So. I sort of concluded that I was gonna put of blogging until I was reunited with my laptop but then I remembered I like blogging ^^ and more importantly it was reading A's blog entries that triggered it and I felt the need to say:
A public thank you, a big fat one, to all of MG's and my friends.
He wouldn't really like me to share but it's rather obvious that he develops some kind of a fear, mainly to do with the relationship between him and his friends outside of army. You can't blame him, you know, lost contacts and for such a long period of time. For the purpose of comforting him there and then, was to tell him that no matter what happens I'll be there for him so he really has not a lot to worry about. But I was to thoughtless to consider the truth, which was that they care for him as much as I do.
Wow I'm getting too cheesy for my liking. But you all know what I mean...
One particular story about a girl named Angular touched me so I wanted to express some sort of. Blab. I dunno. Thanks A.
And to you. I sincerely hope you remember what I said to you and understand how I'm feeling. In reality it's more like wanting to know how you're doing and if you're adjusting well at all, if you've made any friends etc. But these things I can guess you're doing pretty well because you're perfectly capable of all those things. But more importantly what bothers me is if you're having any doubts. These thoughts can drive you mad if there isn't anyone to lead you out of it and I have no way of making sure of that for now because let's face it, I can't even be sure if my letter is on the way to Korea.
For now, I'll just be waiting as I said I'll be.
spending time feels crazy. I feel like I'm only waiting again. This is so natural to me that I don't realise what I'm doing until I've wasted a great amount of time waiting for the next thing on the calendar, which actually is "getting on the plane to nz" and that's 2 weeks away. And it feels ironic because I've done exactly the same sitting at home, for the day to fly here and I can't wait to go back.
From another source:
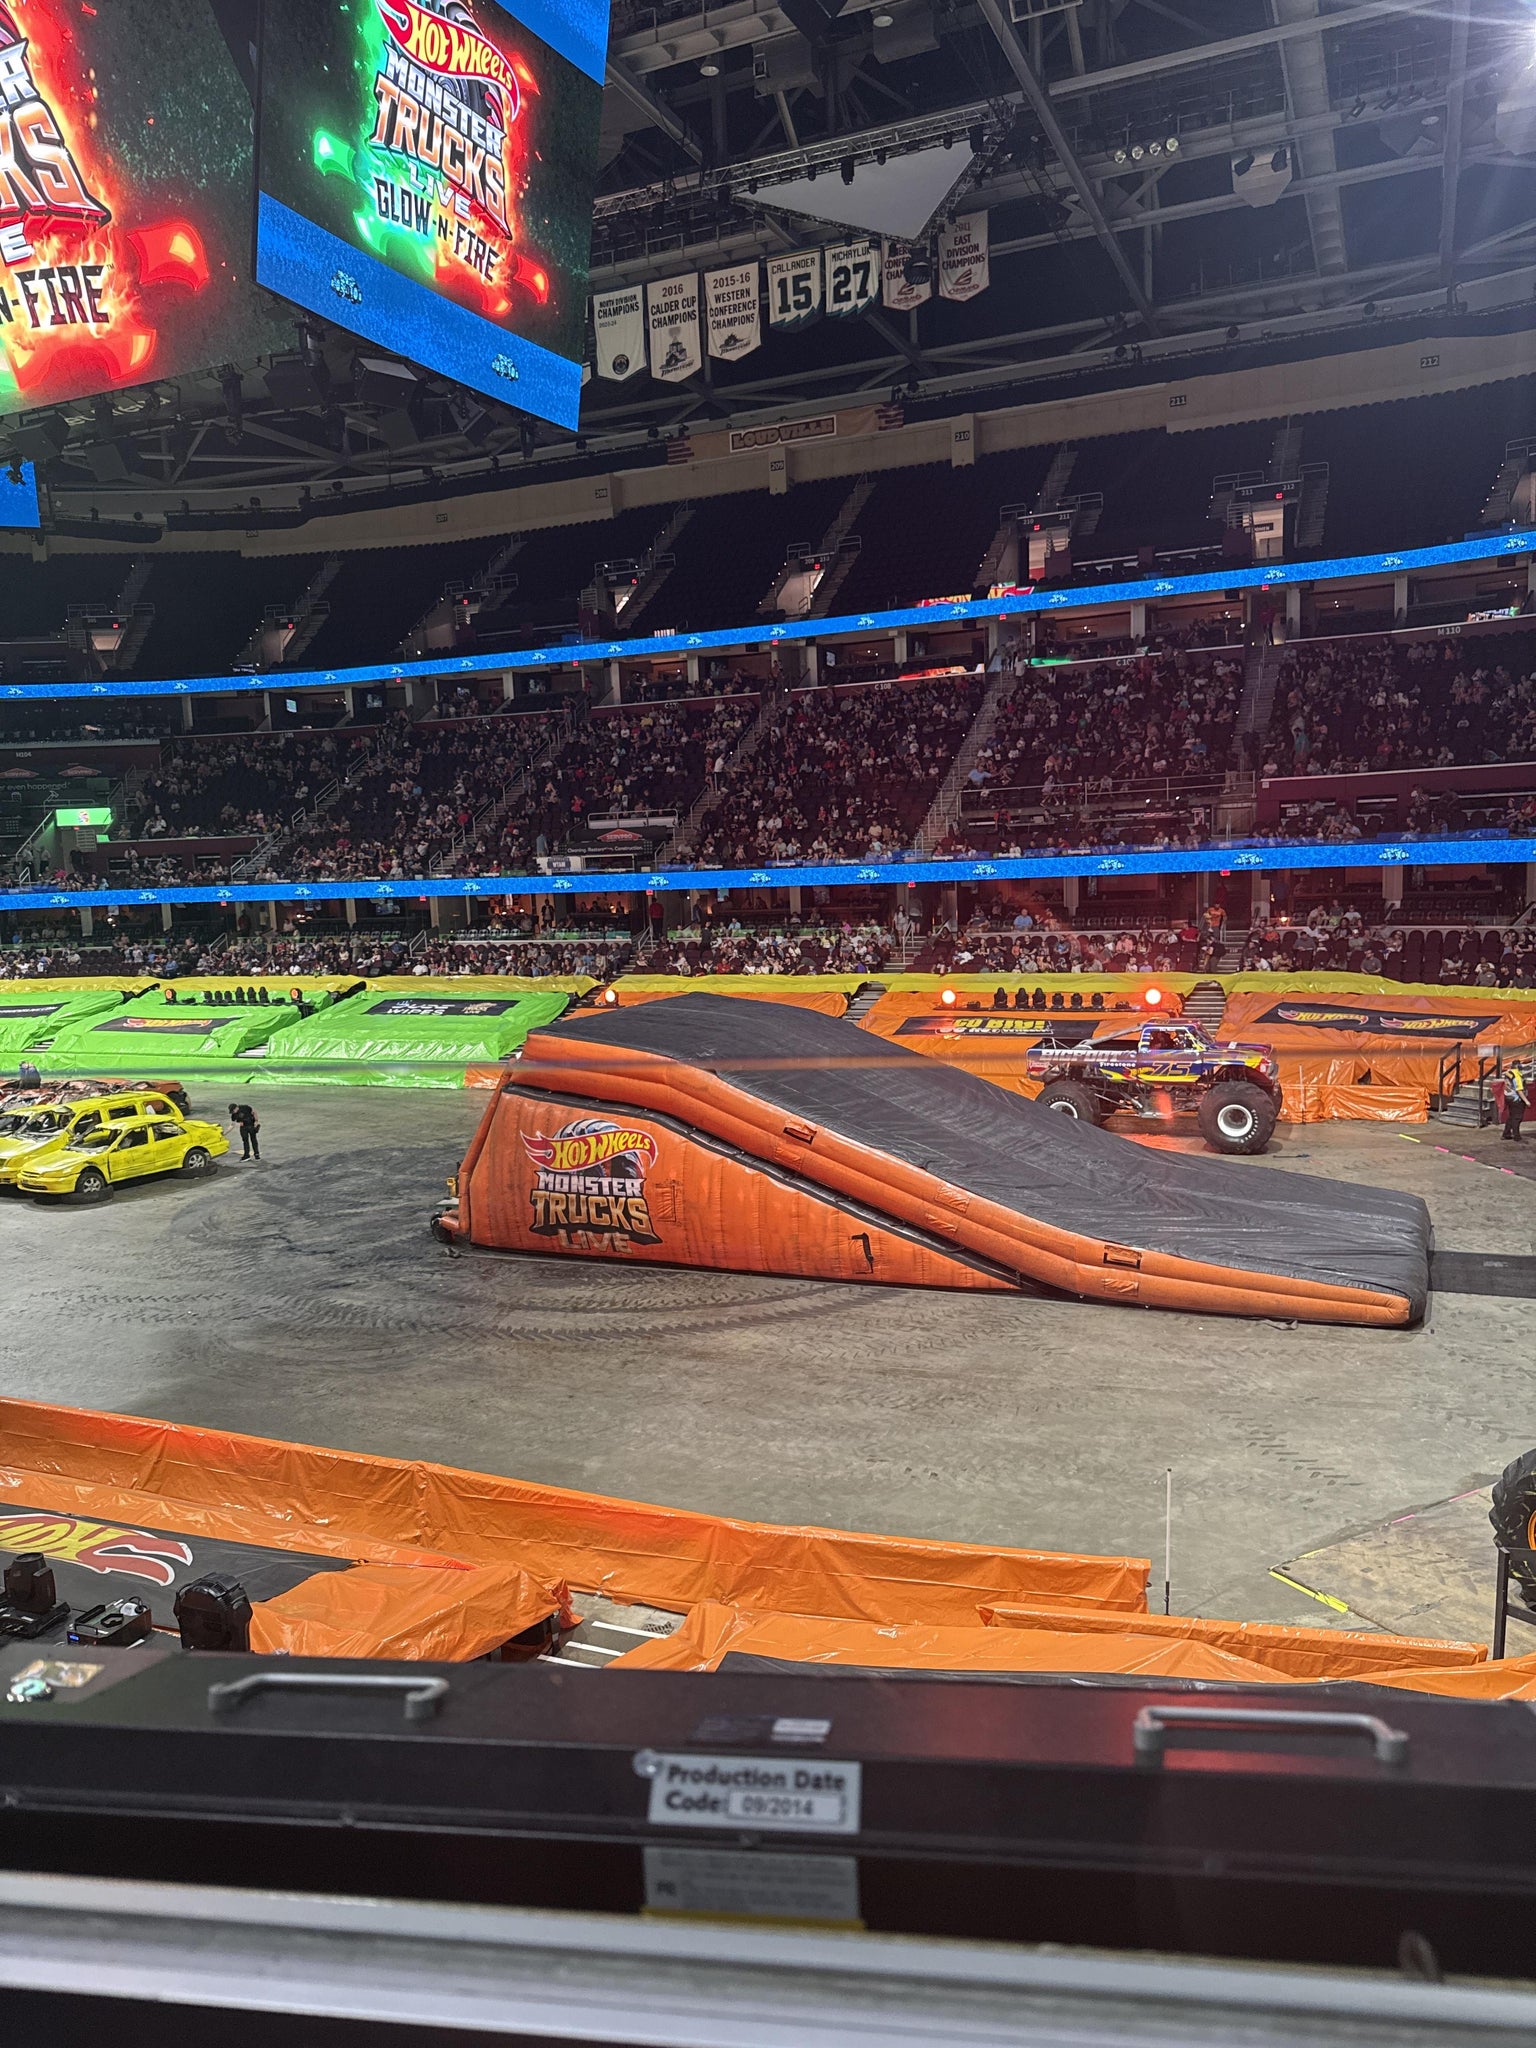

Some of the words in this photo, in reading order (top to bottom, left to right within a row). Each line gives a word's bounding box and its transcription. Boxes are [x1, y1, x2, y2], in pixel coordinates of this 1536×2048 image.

I kind of feel like I need to apologise to hk. @__@ okay I may be going a little nuts from too much sleep/lack of sleep.
The thing with sleep, in fact, I don't know which it is anymore because, I sleep too much as I lack sleep from not sleeping, and I would have not slept due to too much sleep previously and then it just goes around in a loop. I don't know how to fix it, I just kind of have this idea that it'll be fixed when I get home. Which in reality it probably won't.
I miss too many people at once.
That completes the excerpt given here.